-- Opening Marker --

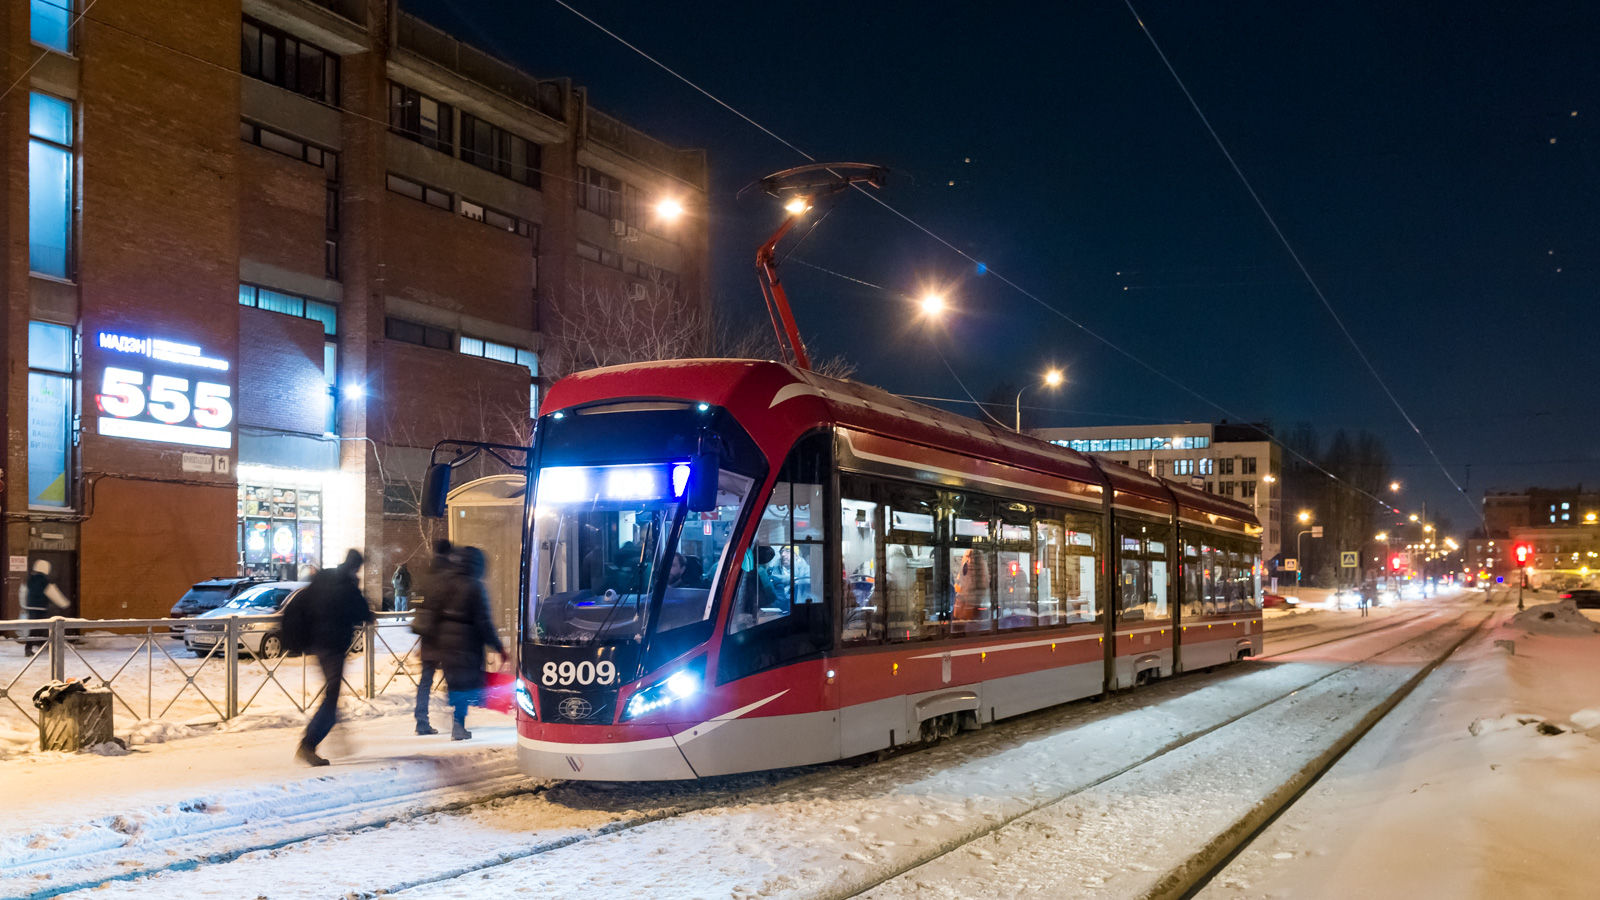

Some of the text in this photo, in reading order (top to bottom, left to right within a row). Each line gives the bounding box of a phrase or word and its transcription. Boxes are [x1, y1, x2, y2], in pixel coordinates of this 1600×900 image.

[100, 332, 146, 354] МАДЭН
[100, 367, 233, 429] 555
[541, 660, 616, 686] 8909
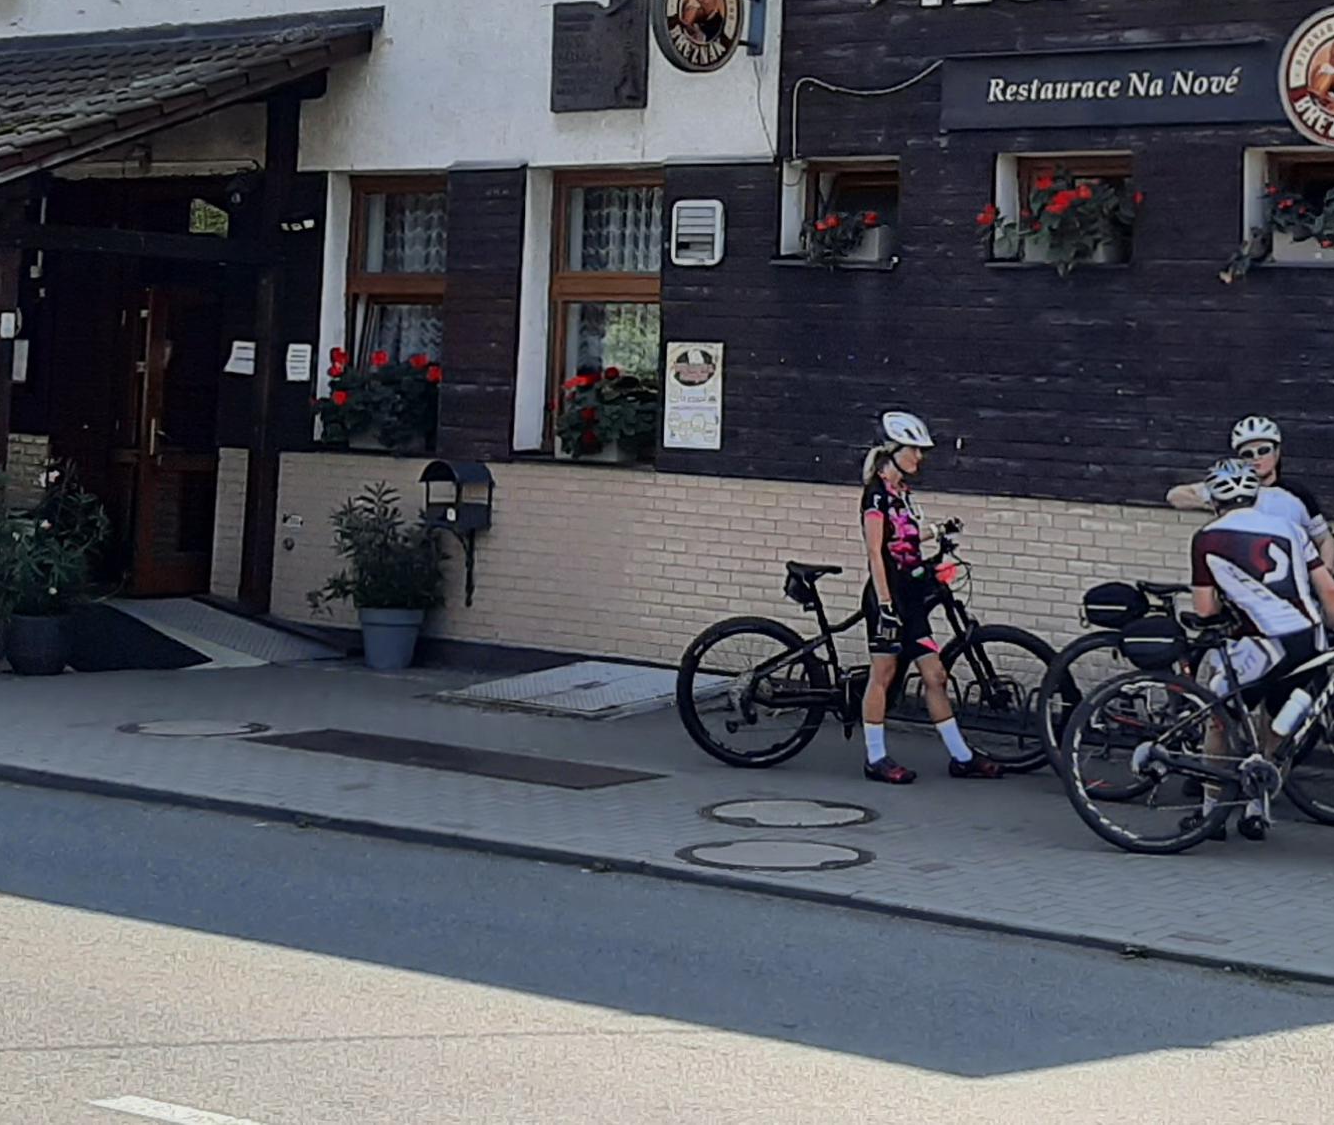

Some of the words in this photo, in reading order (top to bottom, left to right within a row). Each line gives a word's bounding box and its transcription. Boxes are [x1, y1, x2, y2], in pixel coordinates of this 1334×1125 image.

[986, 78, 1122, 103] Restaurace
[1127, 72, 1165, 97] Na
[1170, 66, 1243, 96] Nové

-- Closing Marker --

What is needed: The images are to be left out while the entries are written out exactly.

Reply to the task:
Some of the text in this photo, in reading order (top to bottom, left to right within a row). Each line gives the bounding box of a phrase or word and its transcription. Boxes are [x1, y1, x2, y2], in pixel coordinates of this 1600×900 image.

[100, 332, 146, 354] МАДЭН
[100, 367, 233, 429] 555
[541, 660, 616, 686] 8909

Some of the words in this photo, in reading order (top to bottom, left to right within a row). Each line gives a word's bounding box and its transcription. Boxes are [x1, y1, x2, y2], in pixel coordinates of this 1334×1125 image.

[986, 78, 1122, 103] Restaurace
[1127, 72, 1165, 97] Na
[1170, 66, 1243, 96] Nové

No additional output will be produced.